→ **Exercise details**
When you copy the data, keep every word exactly as it is and leave the pictures out.

(Input)

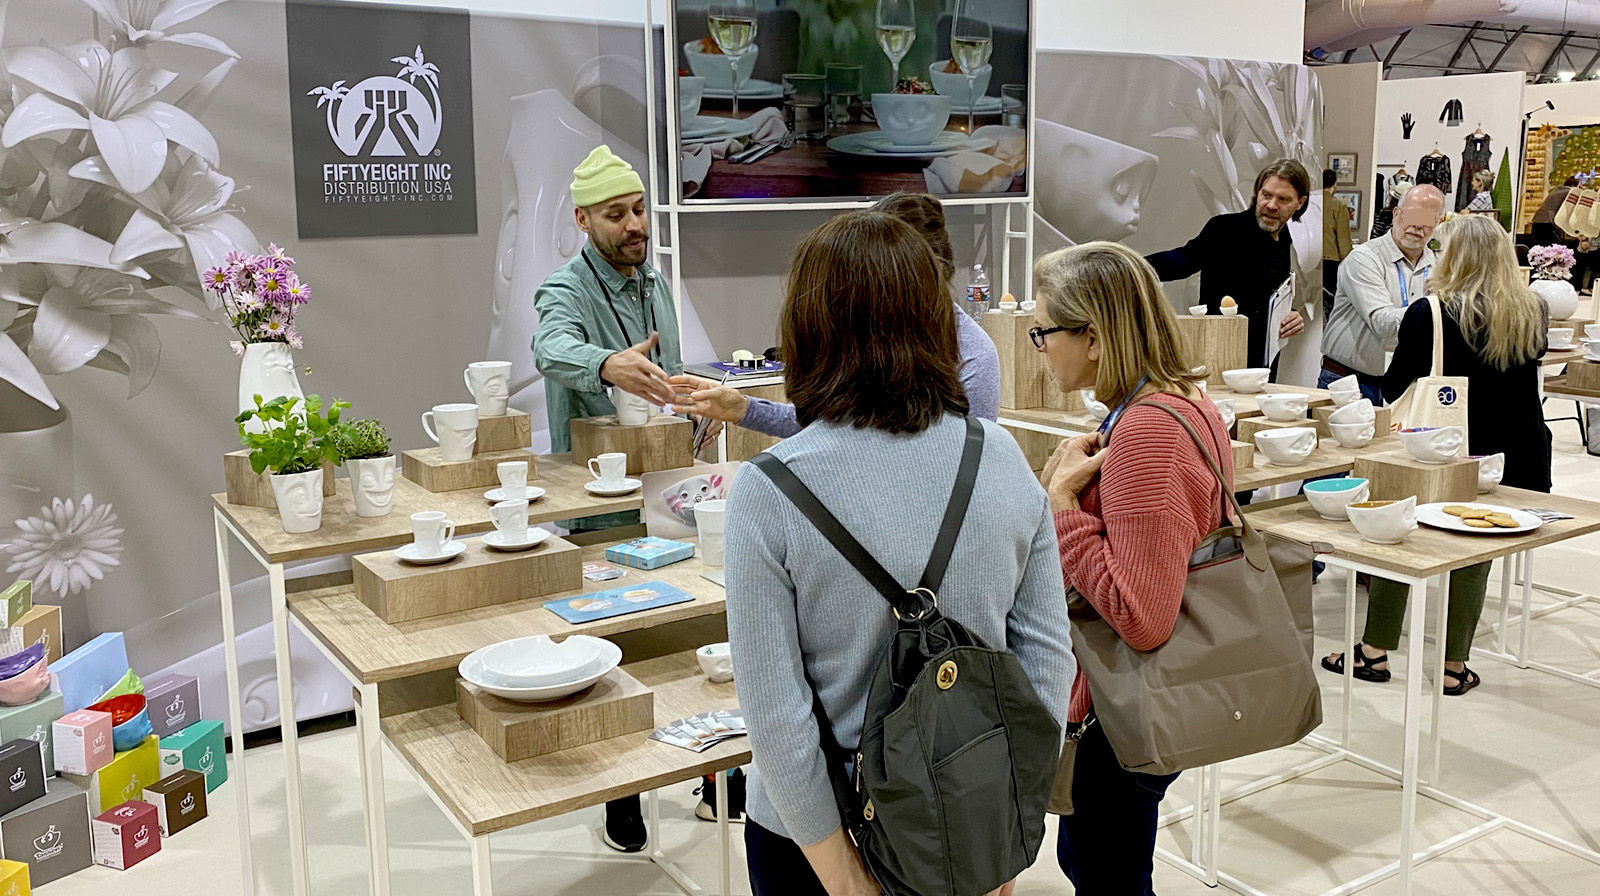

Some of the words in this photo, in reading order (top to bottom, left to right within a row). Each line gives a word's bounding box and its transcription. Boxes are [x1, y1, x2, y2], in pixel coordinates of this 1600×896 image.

[323, 164, 419, 181] FIFTYEIGHT
[424, 163, 451, 180] INC
[324, 181, 419, 195] DISTRIBUTION
[425, 181, 452, 194] USA
[325, 194, 453, 203] FIFTYEIGHT-INC.COM
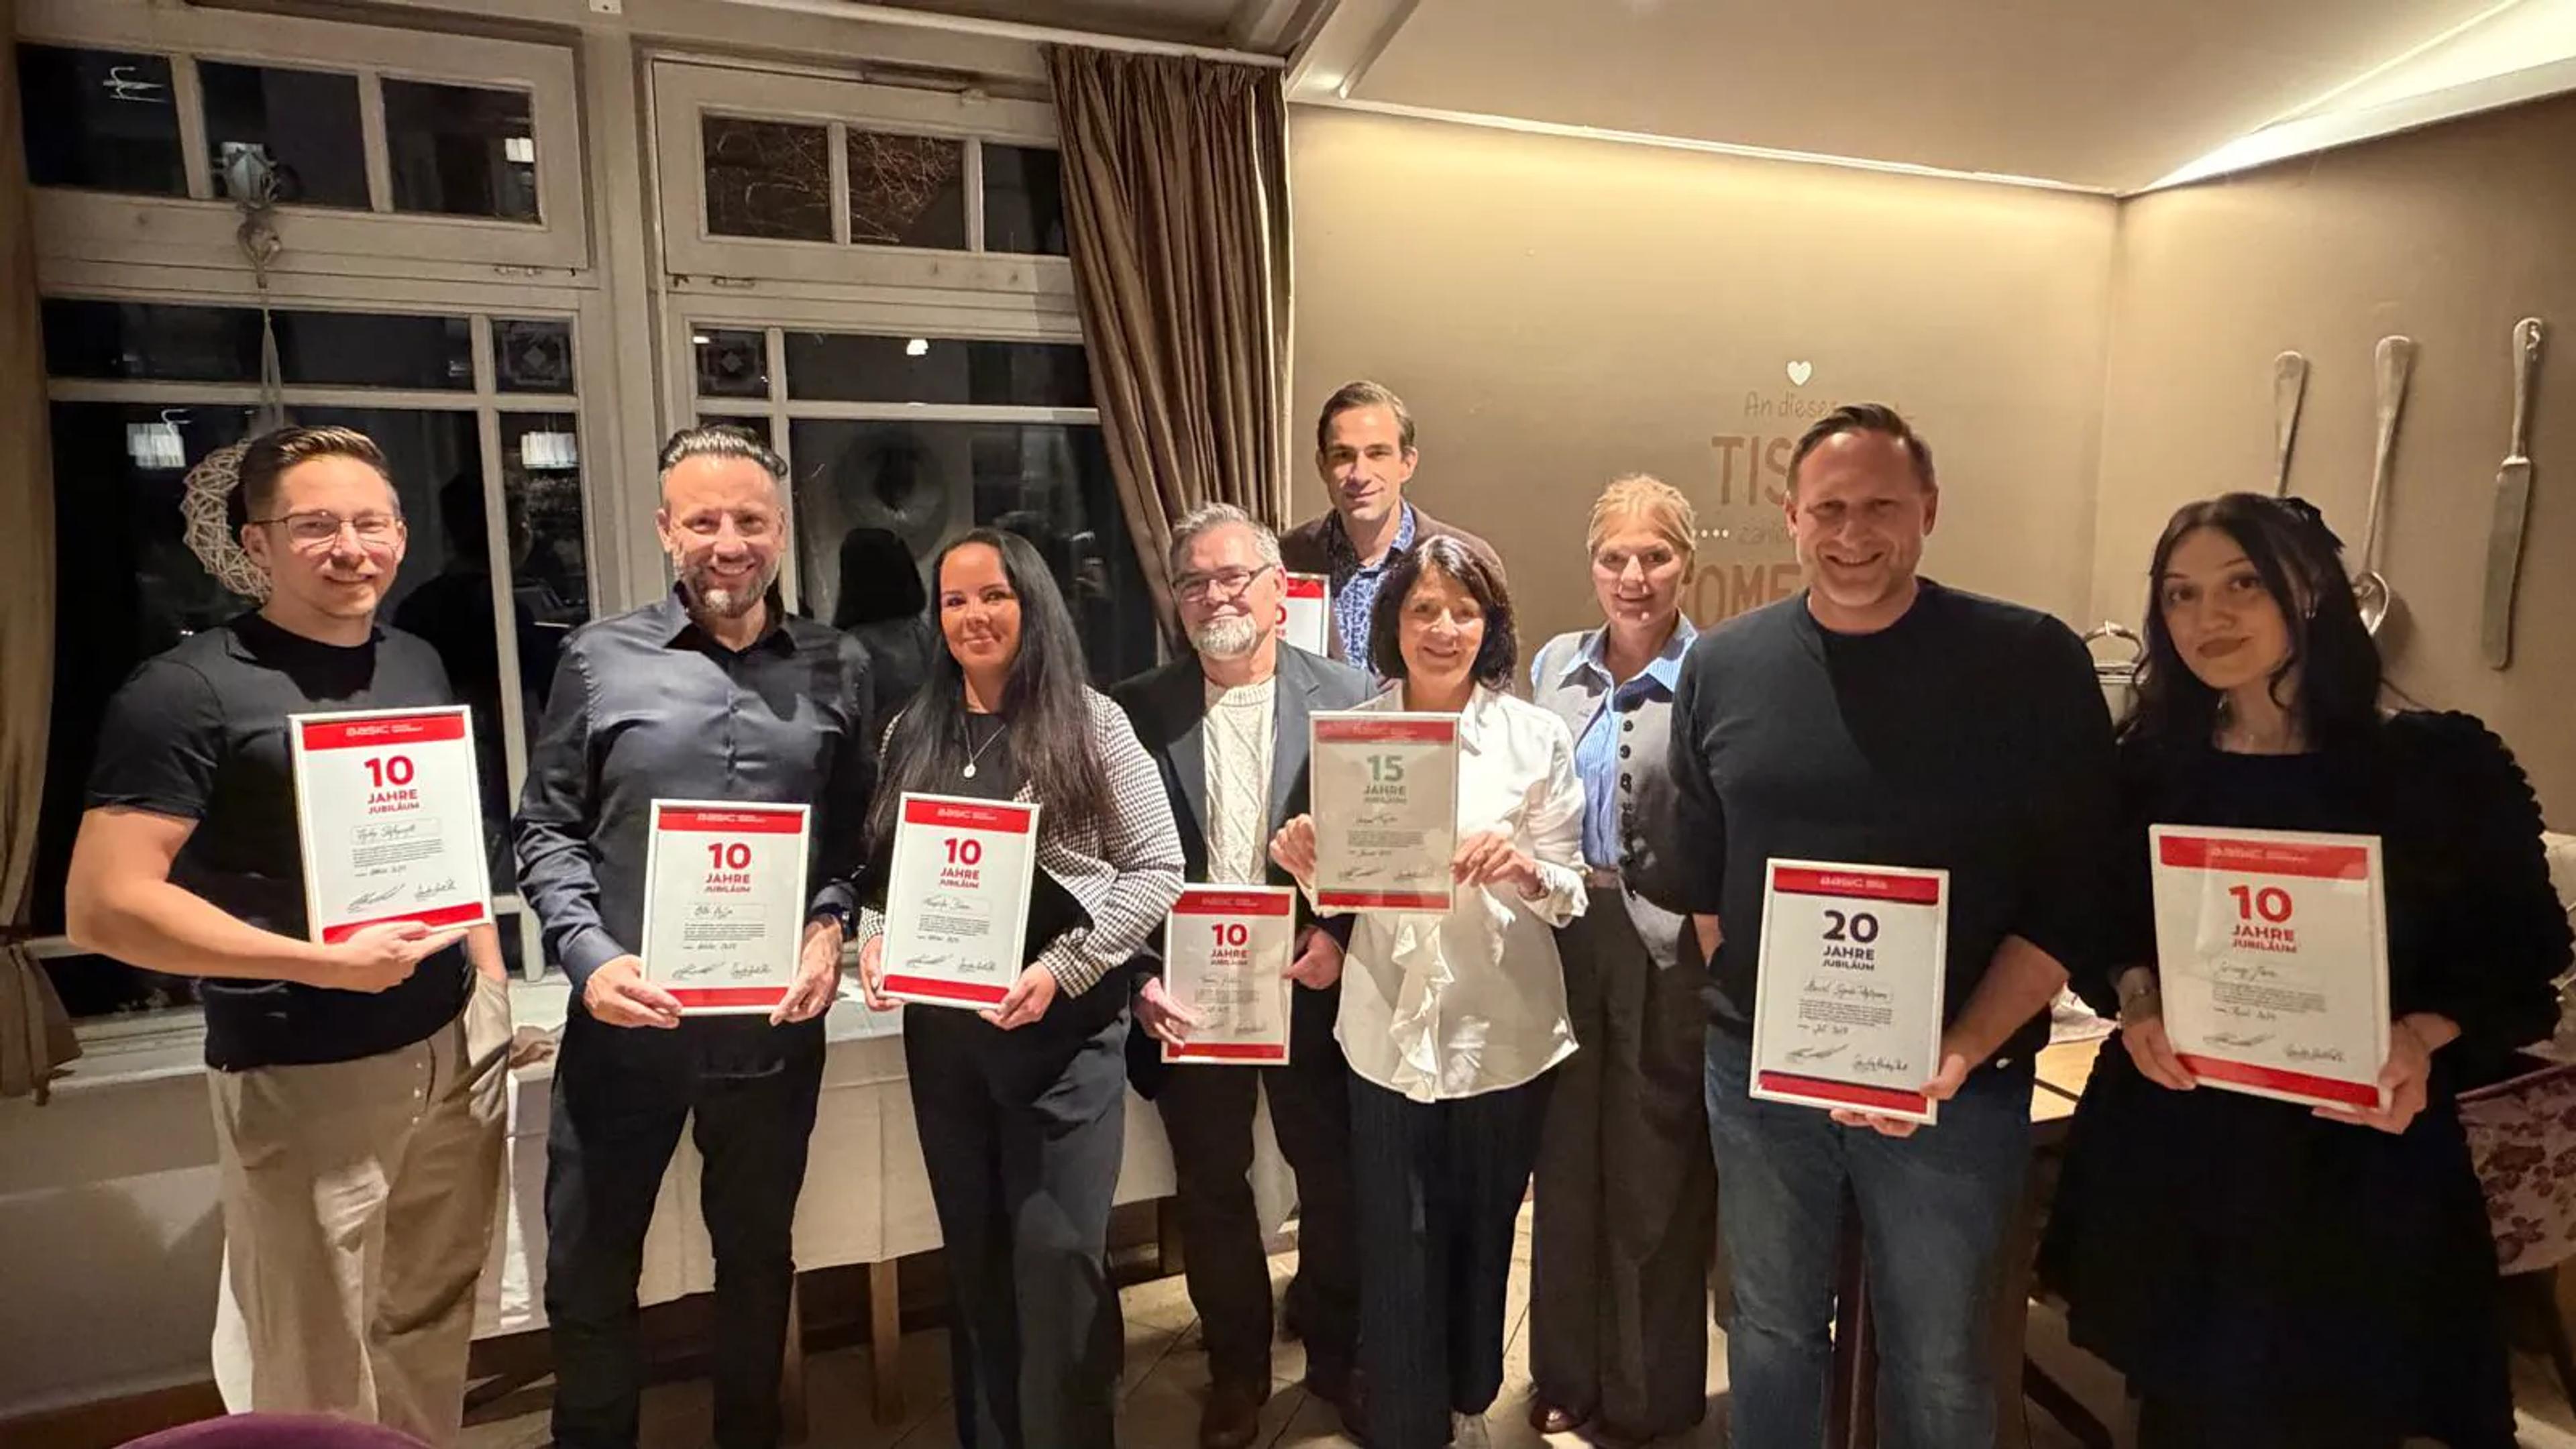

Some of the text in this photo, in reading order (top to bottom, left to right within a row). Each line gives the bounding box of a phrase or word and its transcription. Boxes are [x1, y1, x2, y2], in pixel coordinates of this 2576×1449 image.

[1711, 436, 1792, 507] TIS
[364, 755, 414, 788] 10
[1366, 755, 1403, 782] 15
[368, 789, 418, 804] JAHRE
[1364, 785, 1406, 796] JAHRE
[708, 843, 751, 869] 10
[945, 838, 981, 865] 10
[706, 873, 750, 883] JAHRE
[940, 868, 979, 880] JAHRE
[2229, 884, 2293, 923] 10
[1212, 923, 1248, 946] 10
[1822, 910, 1878, 944] 20
[2232, 924, 2295, 942] JAHRE
[1823, 945, 1875, 961] JAHRE
[1823, 959, 1875, 971] JUBILÄUM

(End Input)

→ **Solved exercise**
Some of the words in this photo, in reading order (top to bottom, left to right within a row). Each line gives a word's bounding box and its transcription. Boxes are [x1, y1, x2, y2], in pixel coordinates of this 1600×896 image.

[323, 164, 419, 181] FIFTYEIGHT
[424, 163, 451, 180] INC
[324, 181, 419, 195] DISTRIBUTION
[425, 181, 452, 194] USA
[325, 194, 453, 203] FIFTYEIGHT-INC.COM

Some of the text in this photo, in reading order (top to bottom, left to right within a row). Each line gives the bounding box of a phrase or word and its transcription. Boxes are [x1, y1, x2, y2], in pixel coordinates of this 2576×1449 image.

[1711, 436, 1792, 507] TIS
[364, 755, 414, 788] 10
[1366, 755, 1403, 782] 15
[368, 789, 418, 804] JAHRE
[1364, 785, 1406, 796] JAHRE
[708, 843, 751, 869] 10
[945, 838, 981, 865] 10
[706, 873, 750, 883] JAHRE
[940, 868, 979, 880] JAHRE
[2229, 884, 2293, 923] 10
[1212, 923, 1248, 946] 10
[1822, 910, 1878, 944] 20
[2232, 924, 2295, 942] JAHRE
[1823, 945, 1875, 961] JAHRE
[1823, 959, 1875, 971] JUBILÄUM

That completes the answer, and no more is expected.